## WHAT THE TASK REQUIRES
All lines from the one containing "Some of the text" to the end of the data below are to be returned exactly, both ends included, with nothing added.

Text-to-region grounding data
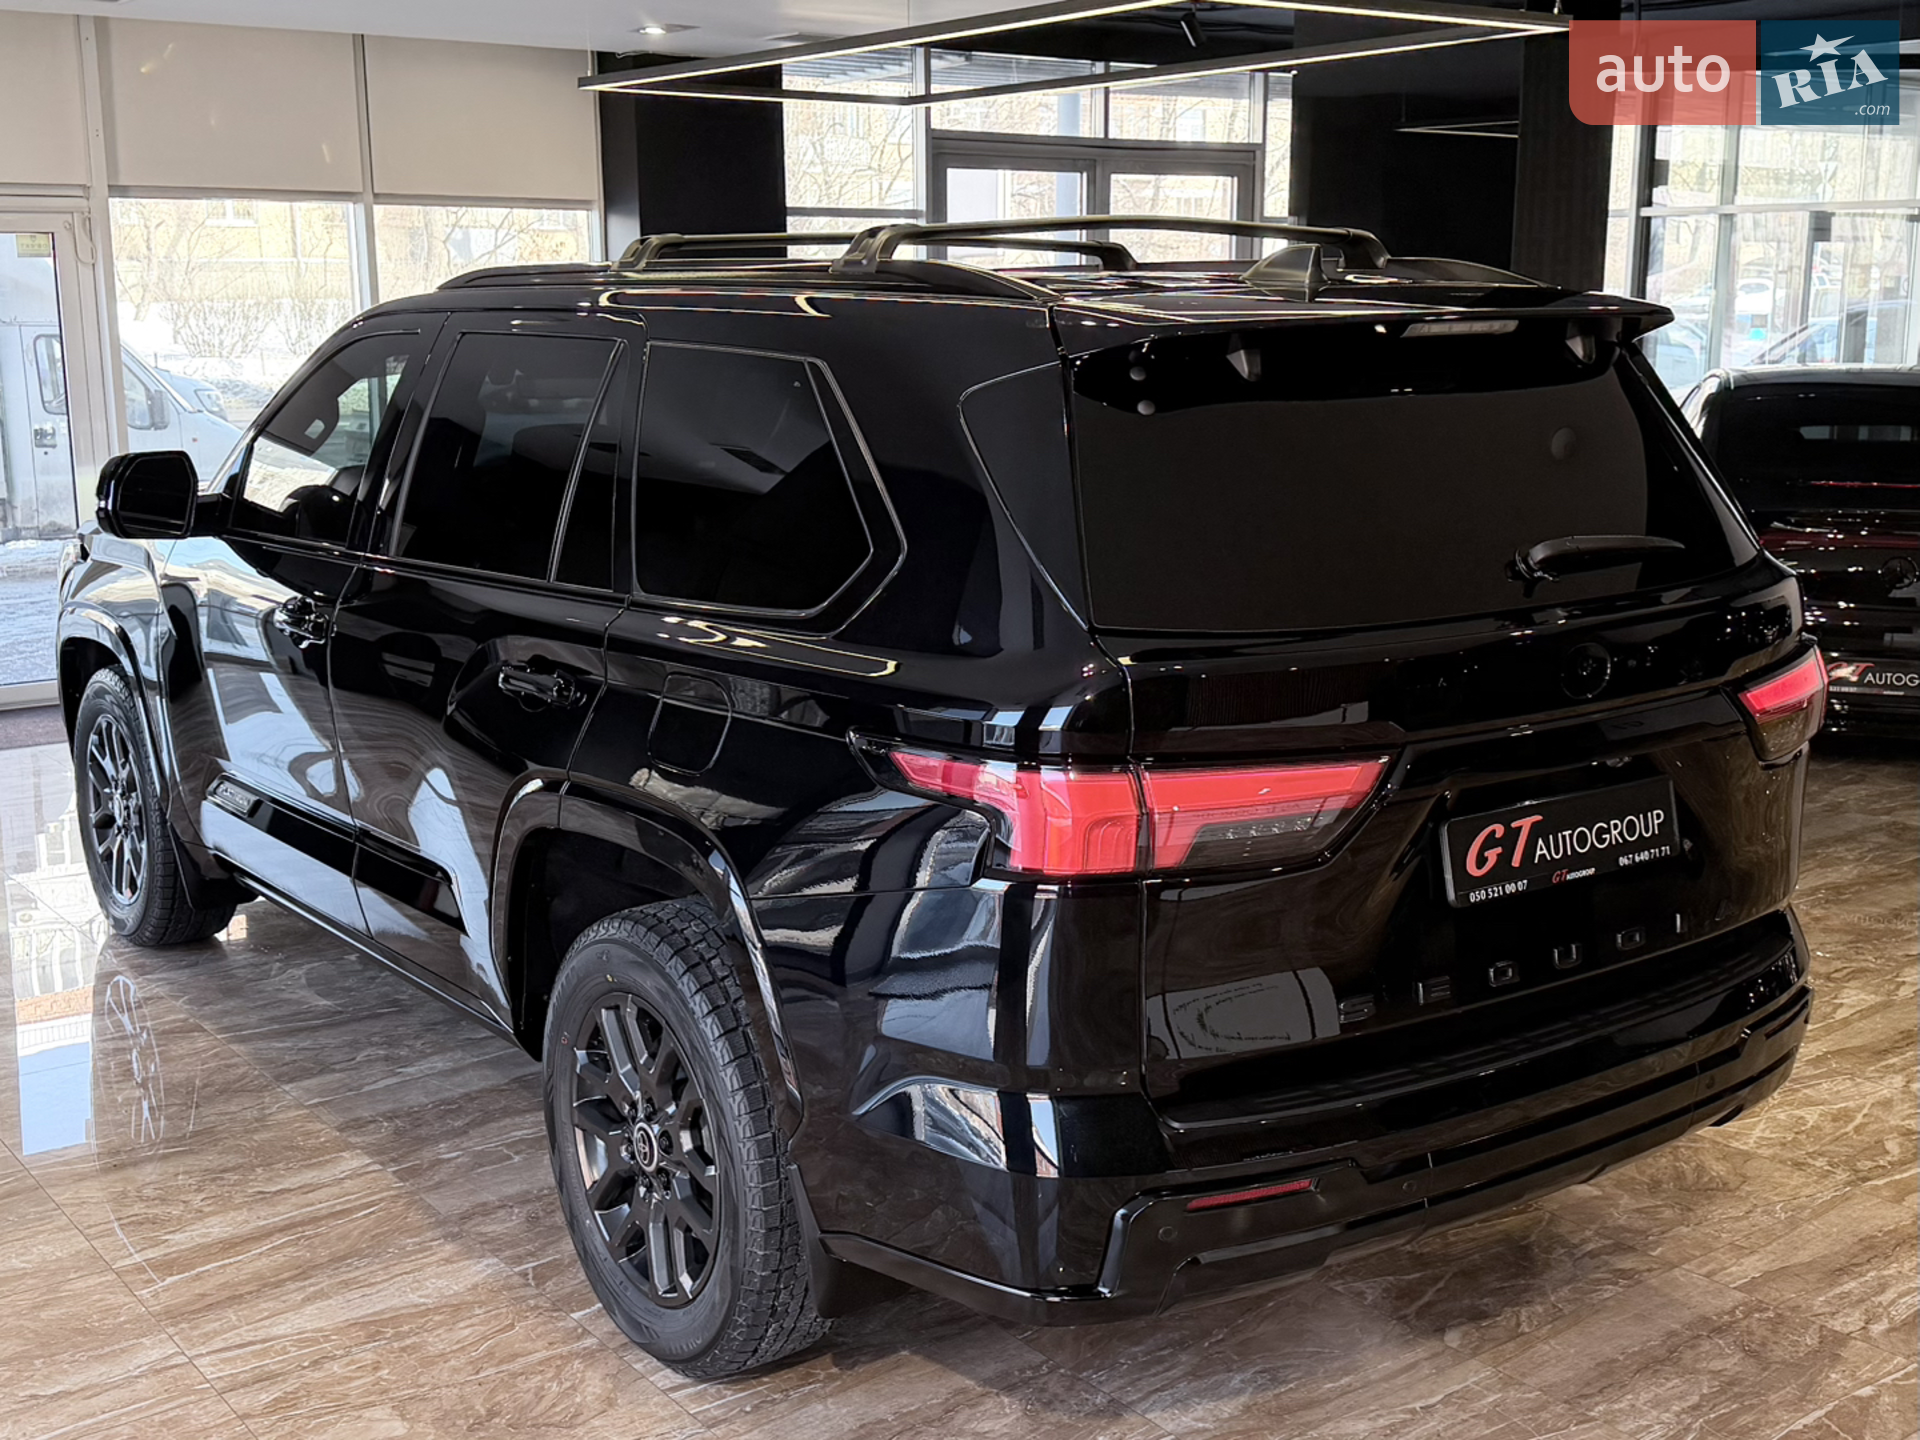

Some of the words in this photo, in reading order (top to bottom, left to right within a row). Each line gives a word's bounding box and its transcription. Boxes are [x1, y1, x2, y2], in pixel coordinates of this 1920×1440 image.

[1465, 814, 1543, 877] GT
[1534, 809, 1665, 864] AUTOGROUP
[1618, 854, 1633, 867] 067
[1634, 850, 1650, 863] 640
[1650, 848, 1660, 860] 71
[1660, 845, 1670, 857] 71
[1552, 868, 1569, 884] GT
[1469, 889, 1487, 903] 050
[1487, 885, 1503, 899] 521
[1504, 882, 1517, 895] 00
[1517, 879, 1528, 892] 07
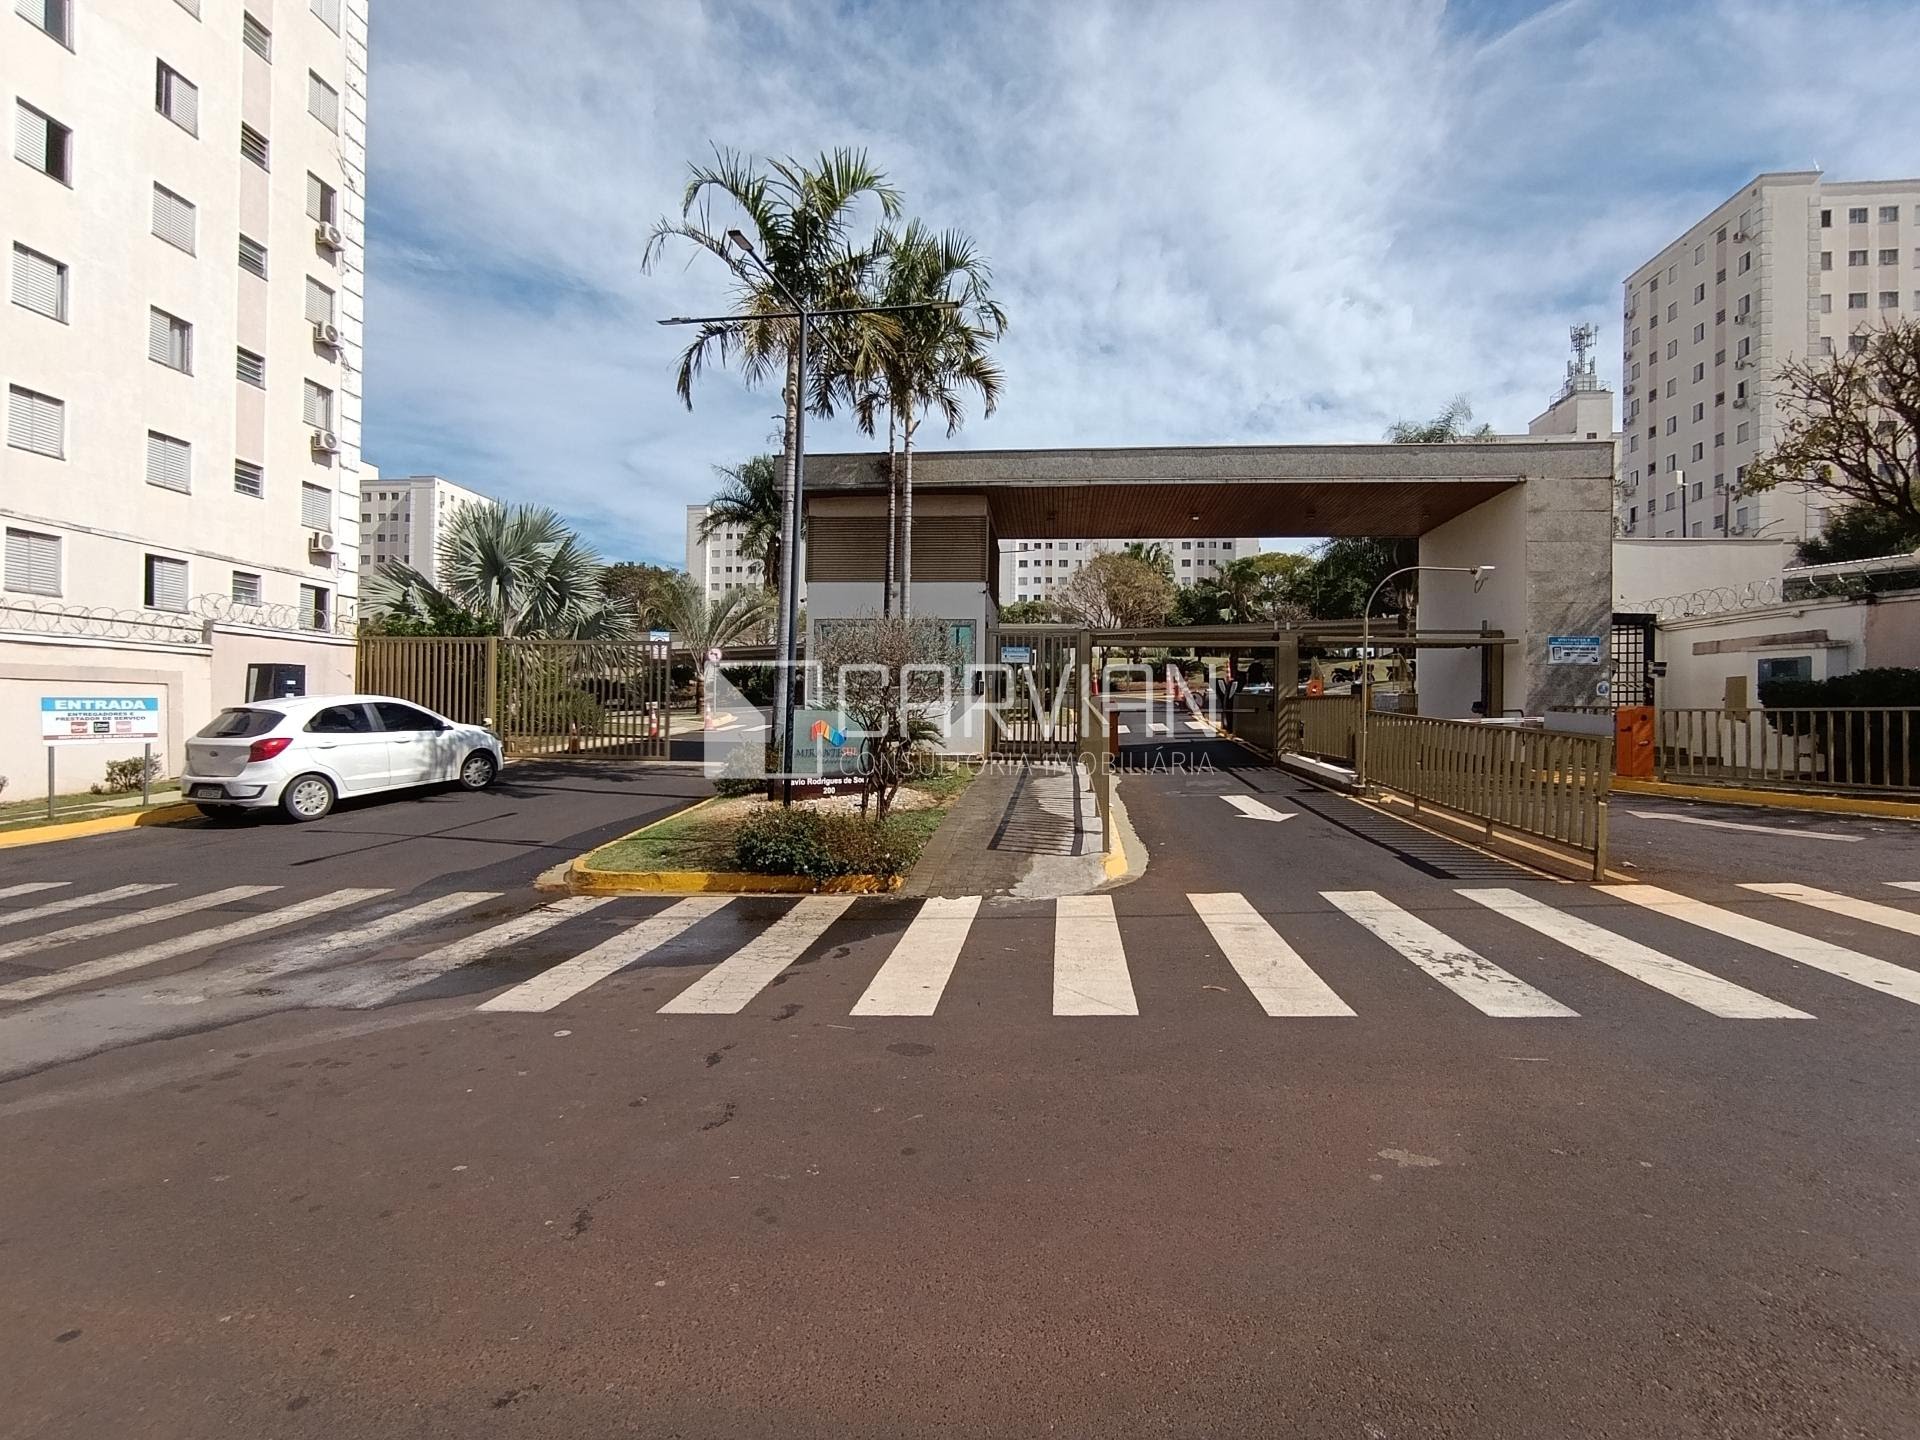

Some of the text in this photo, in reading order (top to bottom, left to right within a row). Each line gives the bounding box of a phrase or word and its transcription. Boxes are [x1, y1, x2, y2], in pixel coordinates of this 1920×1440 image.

[54, 699, 147, 710] ENTRADA
[807, 777, 842, 786] Rodrigues
[822, 786, 836, 795] 200

## REPLY TO THE TASK
Some of the text in this photo, in reading order (top to bottom, left to right within a row). Each line gives the bounding box of a phrase or word and its transcription. Boxes are [x1, y1, x2, y2], in pixel coordinates of this 1920×1440 image.

[54, 699, 147, 710] ENTRADA
[807, 777, 842, 786] Rodrigues
[822, 786, 836, 795] 200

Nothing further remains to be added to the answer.